→ **Problem requirements**: Repeat each entry exactly; omit all pictures.

··· Source records ···

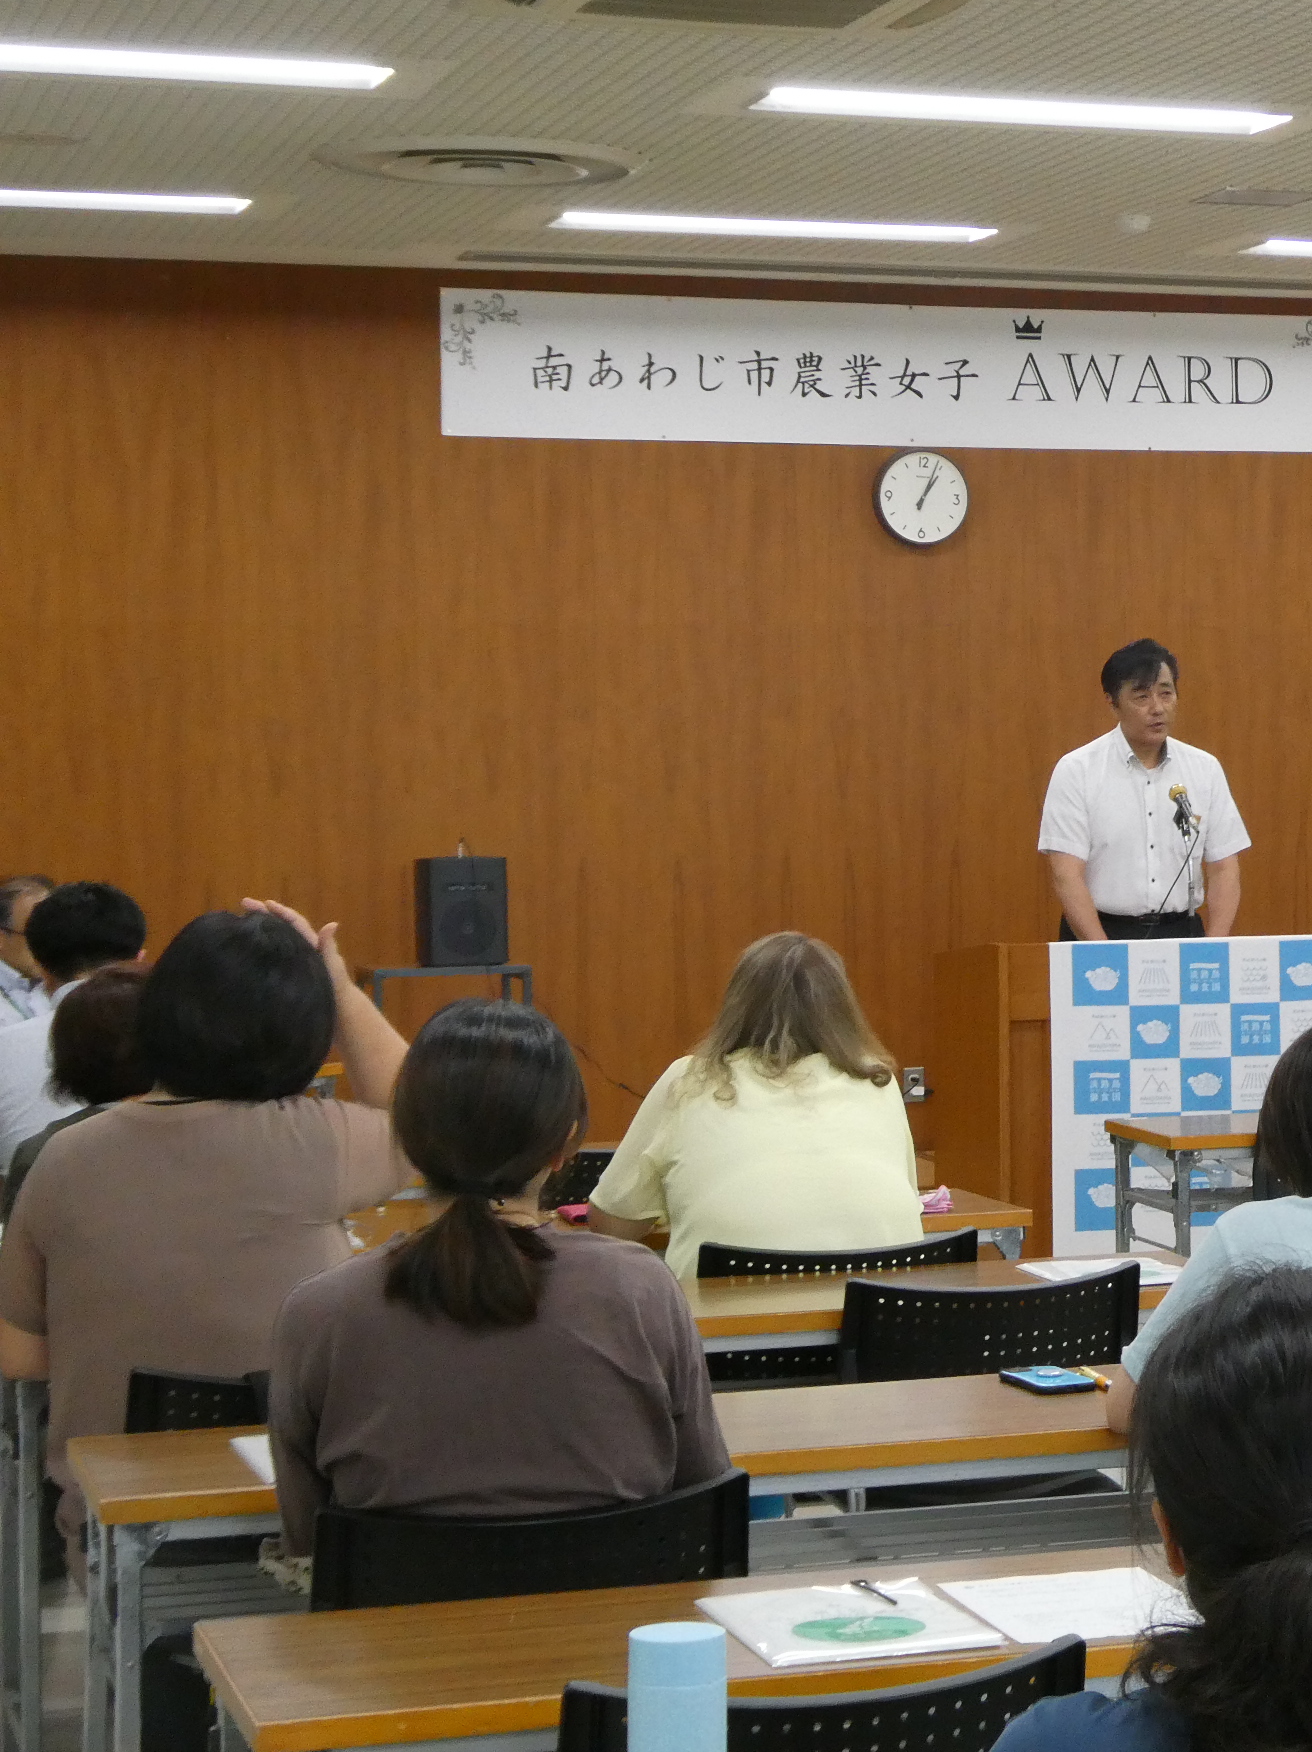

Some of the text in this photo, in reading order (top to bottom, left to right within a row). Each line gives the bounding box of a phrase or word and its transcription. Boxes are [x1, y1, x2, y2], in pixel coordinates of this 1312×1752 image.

[531, 344, 1274, 405] 南あわじ市農業女子 AWARD
[918, 456, 929, 468] 12
[884, 490, 893, 501] 9
[953, 494, 961, 506] 3
[917, 527, 926, 539] 6
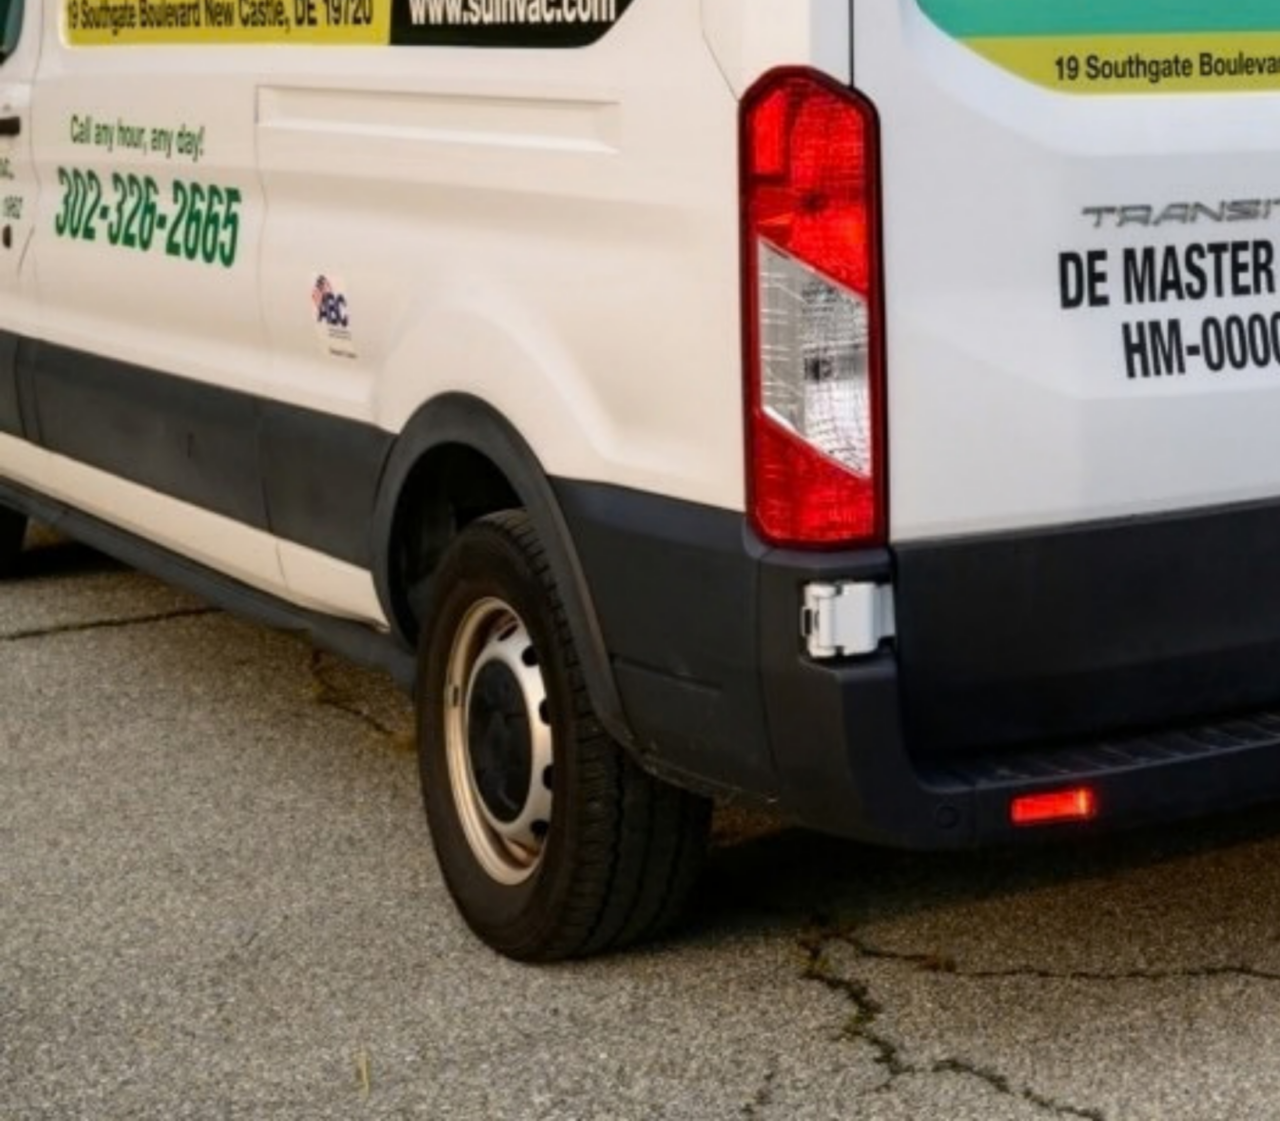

···

→ **Answer to this task**:
Some of the text in this photo, in reading order (top to bottom, left to right within a row). Each line gives the bounding box of a phrase or word and its transcription. Boxes are [x1, y1, x2, y2], in pixel coordinates of this 1312×1752 image.

[531, 344, 1274, 405] 南あわじ市農業女子 AWARD
[918, 456, 929, 468] 12
[884, 490, 893, 501] 9
[953, 494, 961, 506] 3
[917, 527, 926, 539] 6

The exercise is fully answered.